Dataset records:
--- START ---

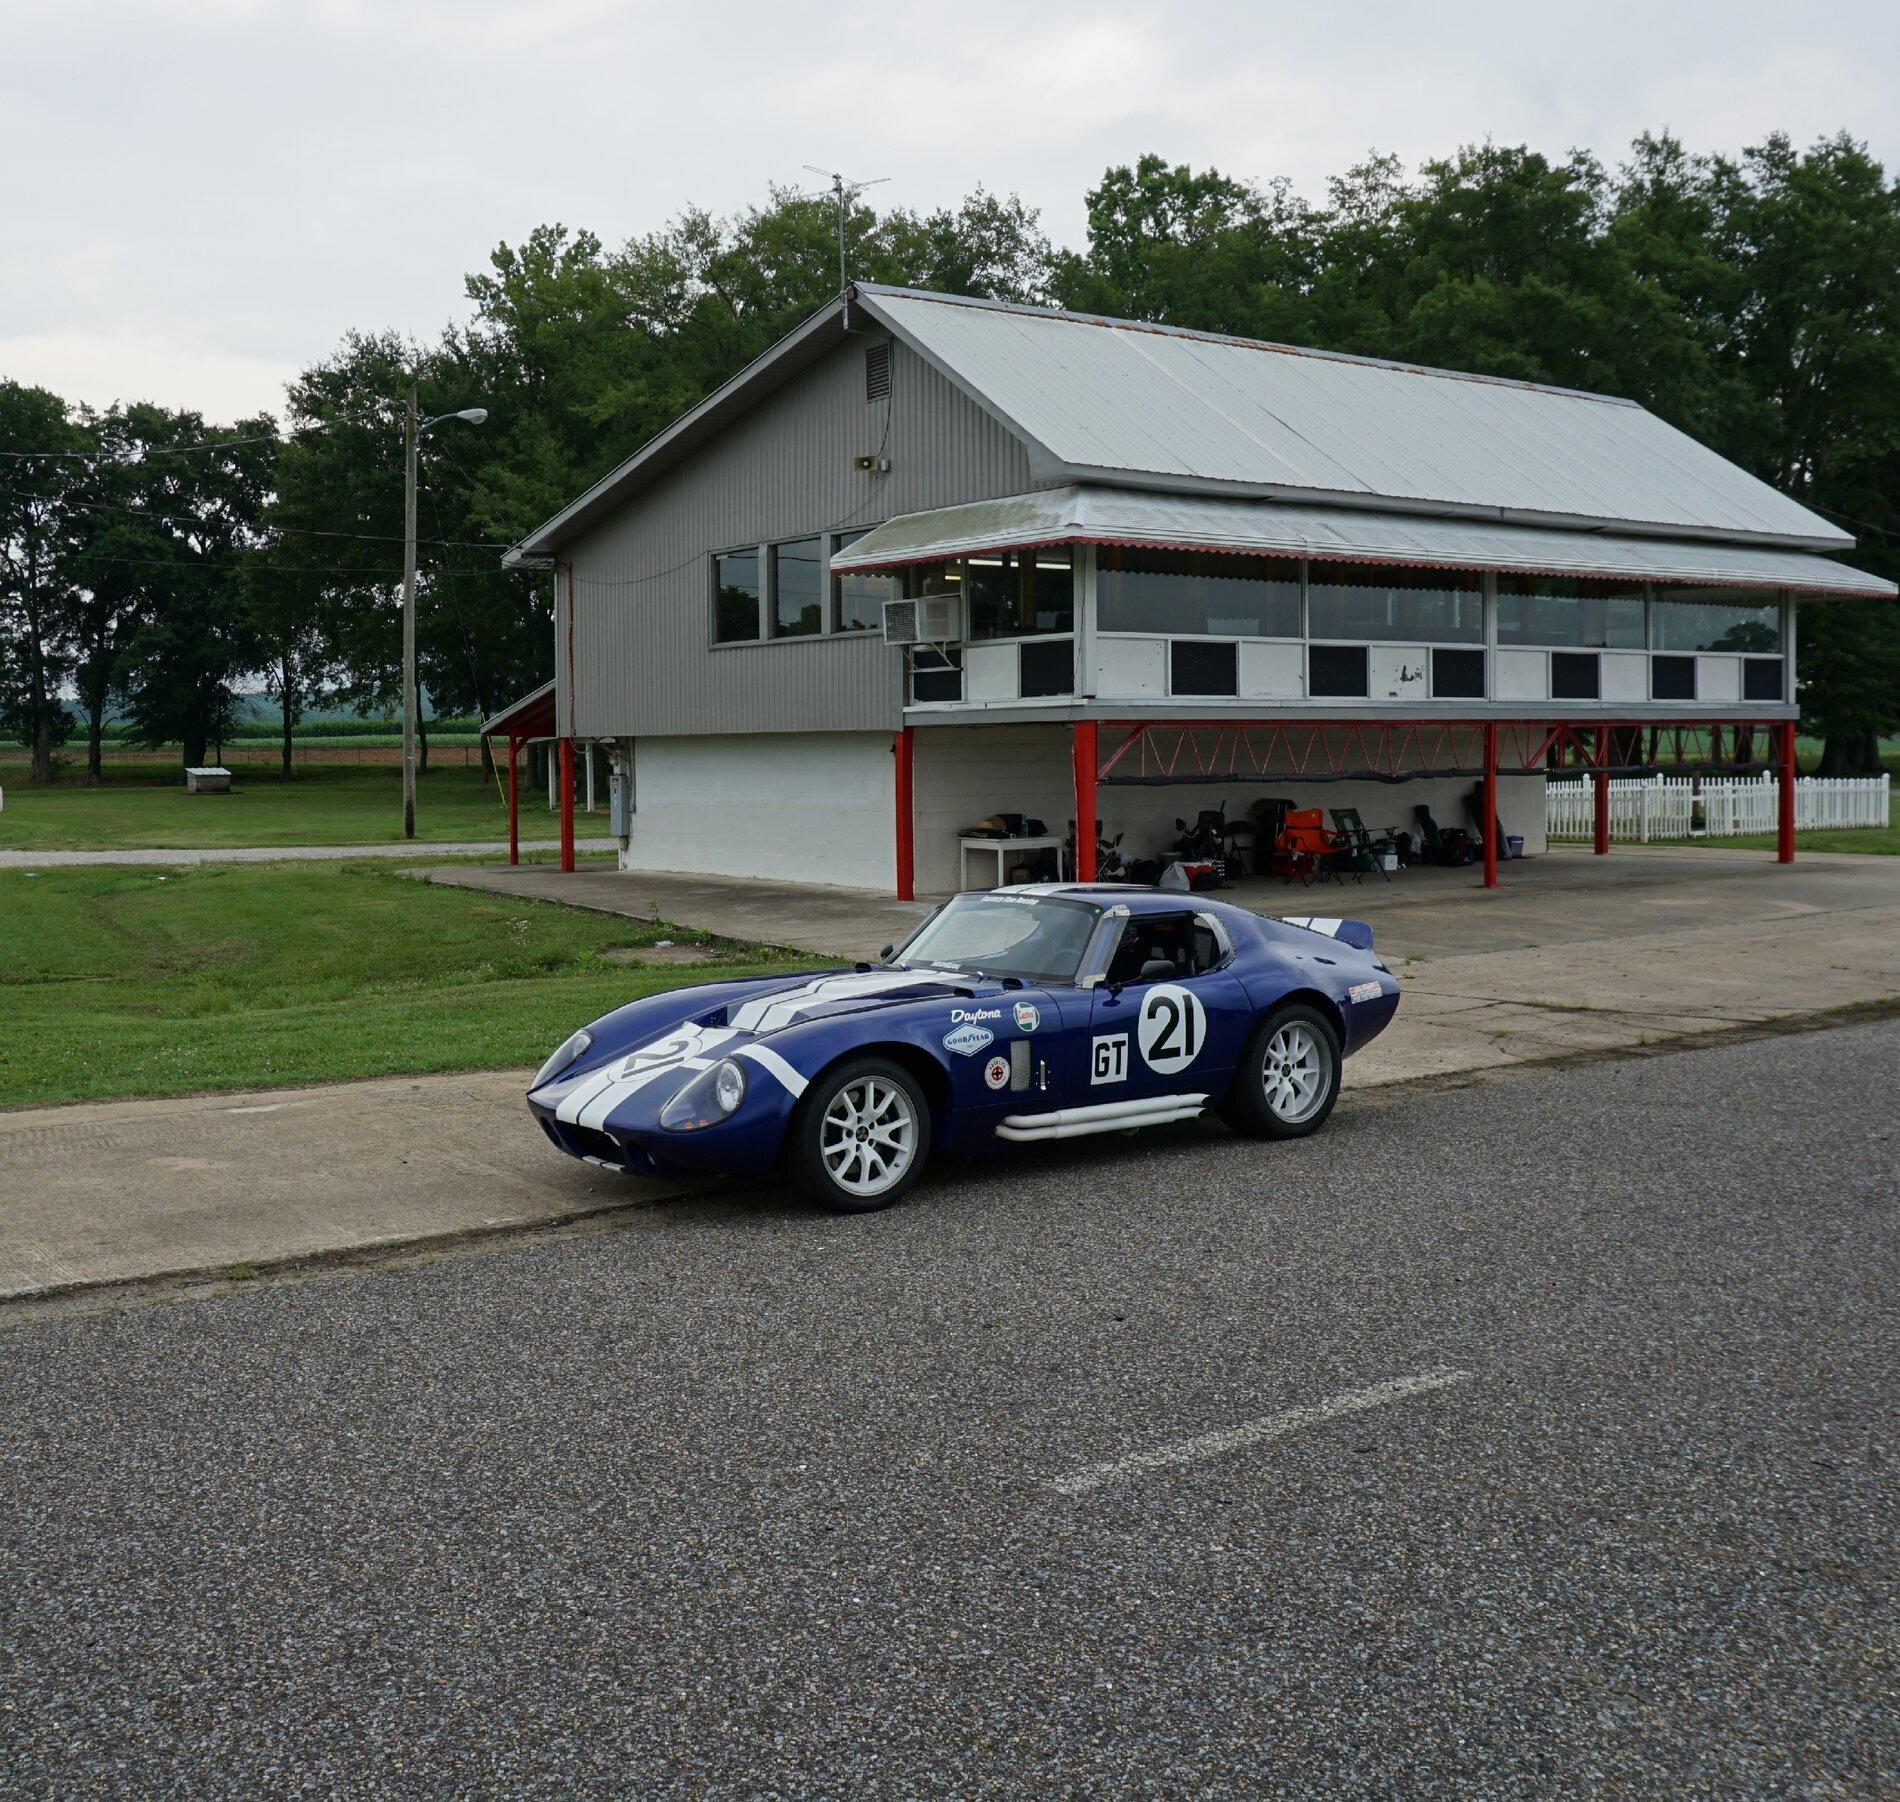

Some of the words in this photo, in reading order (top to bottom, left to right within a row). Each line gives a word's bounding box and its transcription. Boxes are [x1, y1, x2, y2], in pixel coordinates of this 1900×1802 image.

[951, 1009, 1001, 1025] Daytona
[1147, 994, 1195, 1061] 21
[948, 1033, 989, 1044] GOODYEAR
[621, 1040, 689, 1079] 21
[1094, 1040, 1126, 1078] GT
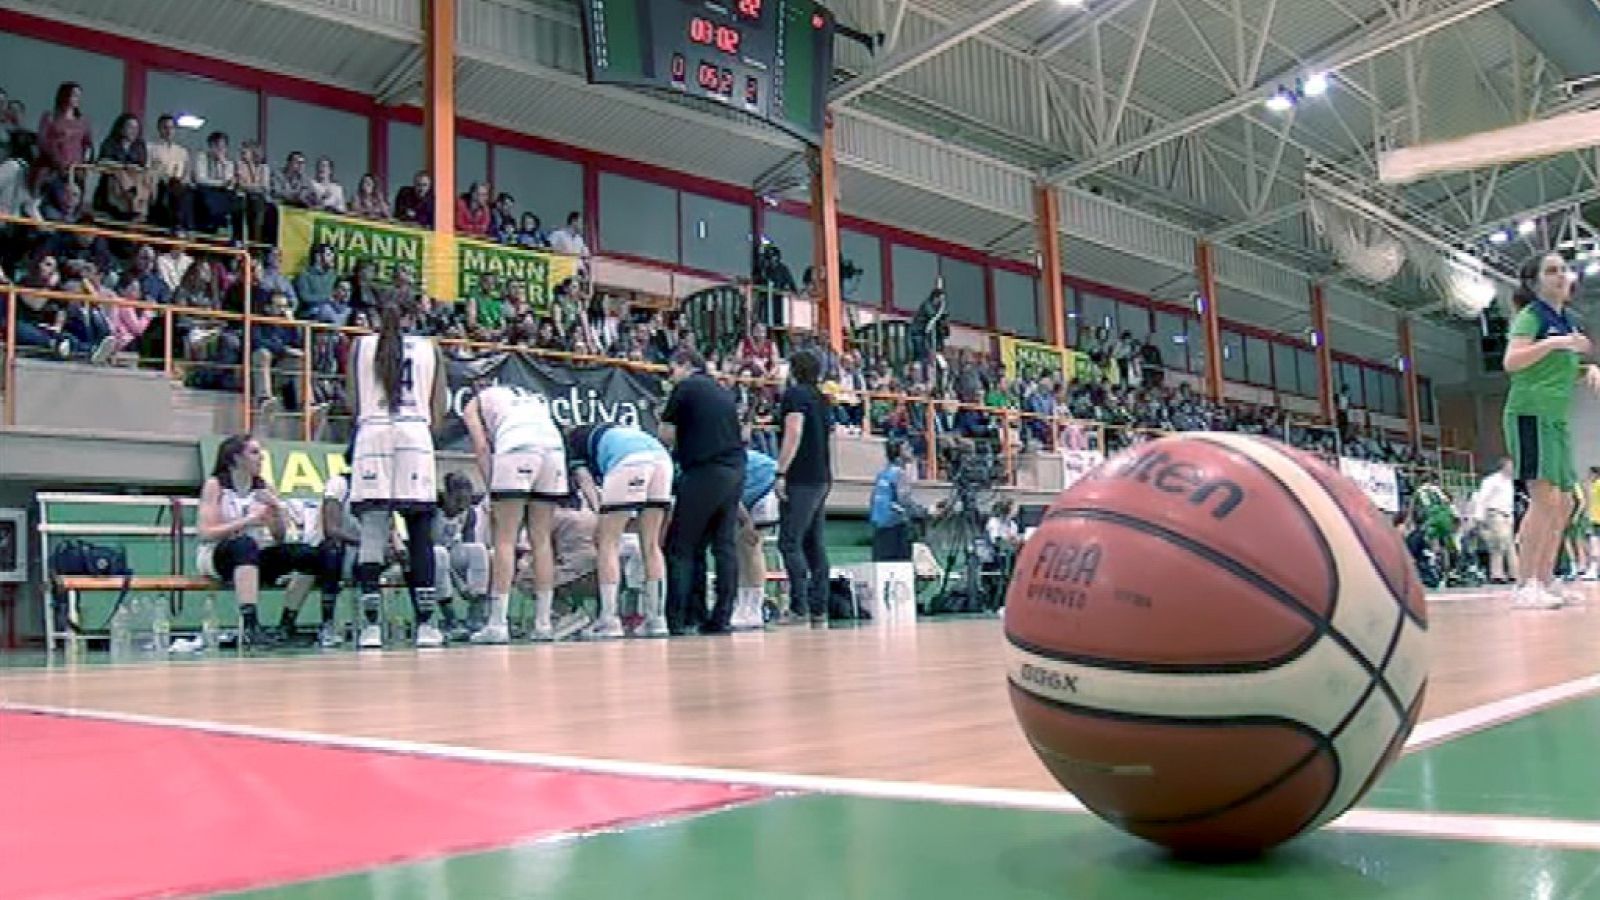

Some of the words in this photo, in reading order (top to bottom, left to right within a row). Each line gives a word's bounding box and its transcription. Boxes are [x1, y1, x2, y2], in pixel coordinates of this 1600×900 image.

[320, 224, 417, 260] MANN
[463, 249, 544, 282] MANN
[1031, 542, 1101, 587] FIBA

--- END ---

## WHAT YOU HAVE TO DO
Because only the text is wanted, repeat all the entries exactly and leave out the pictures.

## EXERCISE OUTPUT
Some of the words in this photo, in reading order (top to bottom, left to right within a row). Each line gives a word's bounding box and its transcription. Boxes are [x1, y1, x2, y2], in pixel coordinates of this 1900×1802 image.

[951, 1009, 1001, 1025] Daytona
[1147, 994, 1195, 1061] 21
[948, 1033, 989, 1044] GOODYEAR
[621, 1040, 689, 1079] 21
[1094, 1040, 1126, 1078] GT

Some of the words in this photo, in reading order (top to bottom, left to right within a row). Each line gives a word's bounding box and its transcription. Boxes are [x1, y1, x2, y2], in pixel coordinates of this 1600×900 image.

[320, 224, 417, 260] MANN
[463, 249, 544, 282] MANN
[1031, 542, 1101, 587] FIBA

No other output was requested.